Potential lenders all recognized the circumstances of stores being closed and not knowing when they would reopen, and that stores would possibly close again due to a later coronavirus outbreak, Kurtz said. “No one had the crystal ball that would know the answers.”
It also was difficult to know the value of Penney’s real estate assets in a post-pandemic world, he said.
Initially there was high interest, Kurtz said. But after what he called a “robust process,” Penney’s existing lenders were the only ones who agreed to provide financing for the bankruptcy reorganization, which is referred to as debtor-in-possession financing.
Penney’s sales performance has been better than expected so far, but the company’s suppliers are apprehensive, Mesterharm said. One third of Penney’s top 100 suppliers, which make up about 80% of its merchandise inventory, have expressed concerns about being repaid.

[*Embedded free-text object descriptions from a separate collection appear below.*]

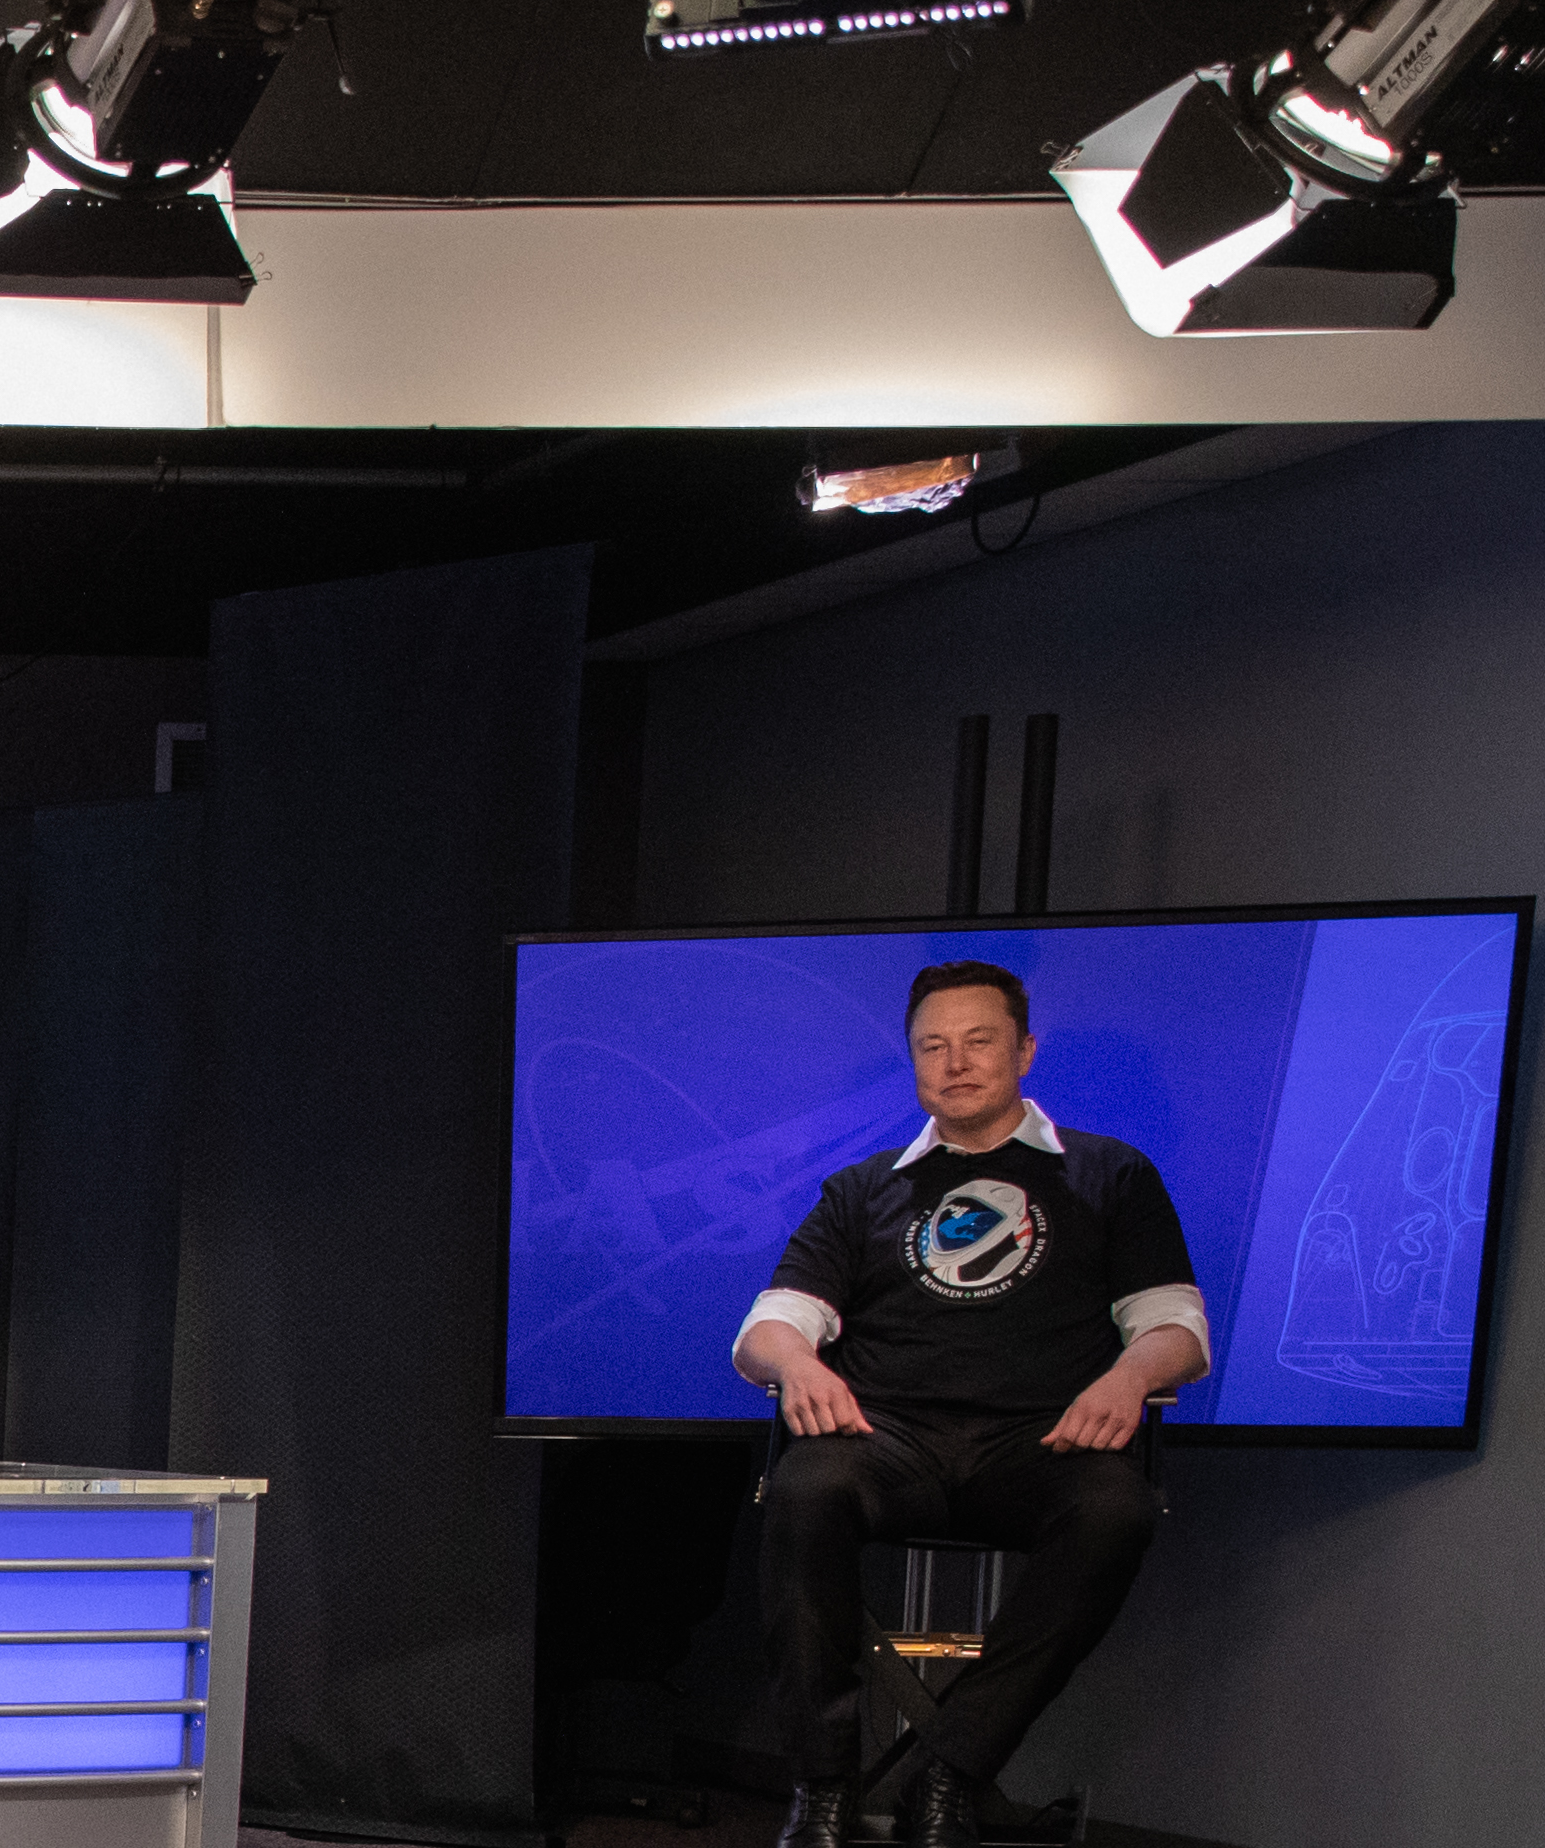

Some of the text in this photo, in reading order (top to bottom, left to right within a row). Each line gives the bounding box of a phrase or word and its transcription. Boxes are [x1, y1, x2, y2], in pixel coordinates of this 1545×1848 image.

[1377, 25, 1438, 100] ALTMAN
[904, 1220, 921, 1243] DEMO
[1018, 1204, 1047, 1277] SPACEX DRAGON
[904, 1244, 919, 1269] NASA
[919, 1273, 1013, 1299] BEHNKEN HURLEY

“We haven’t received as much shipments as we expected,” he said.
Earlier in the hearing, a lawyer for unsecured creditors questioned the need for Penney to even file for bankruptcy.
Penney entered bankruptcy with USD 450 million in cash and up to $1 billion in real estate assets, said Cathy Hershcopf, an attorney for Penney’s unsecured creditors. She said approval of the financing agreement would take Penney’s fate out of the judge’s hands.
“On July 15, [debtor-in-possession] lenders will decide the fate of J.C. Penney and whether the dream lives or dies, whether there’s a reorganization plan or a liquidation,” Hershcopf said. “This court will be powerless to help J.C. Penney.”
A July 15 “toggle” event, built into the proposed lending, would automatically convert Penney into a liquidation. The agreement has another such trigger in August.
“We’re asking the court to protect the creditors, vendors and employees,” Hershcopf said. “We’ve seen this picture before.”
Penney’s attorney Joshua Sussberg said that while the alternative bid sounds better, the company’s bank — Wells Fargo, which holds a first lien on assets — wouldn’t approve it.
“We’d be embroiled in a nasty litigation and spend the next 45 days trying to keep the company alive,” Sussberg said.
The restructuring agreement had 73% approval of first lien lenders, he said.
Penney has 304 of its 846 stores open now and 171 more are expected to open within days, Sussberg said. E-commerce sales have been strong, up 23.5 % last week and up 15.7 % in May. Overall sales are down 32.9 % for stores that have reopened.
Among the group of stores open, 202 are in malls and 102 are in off-mall locations. The off-mall stores are performing slightly better, with sales down only 31.1 % vs. a decline of 34 % for mall stores, Sussberg said.
Penney was among the group of nonessential retailers that temporarily closed their stores in mid-March and started reopening in early May as stay-at-home orders were lifted. A few more stores are closed because of protests.
Penney is expected to permanently close more than 200 stores as part of its bankruptcy reorganisation.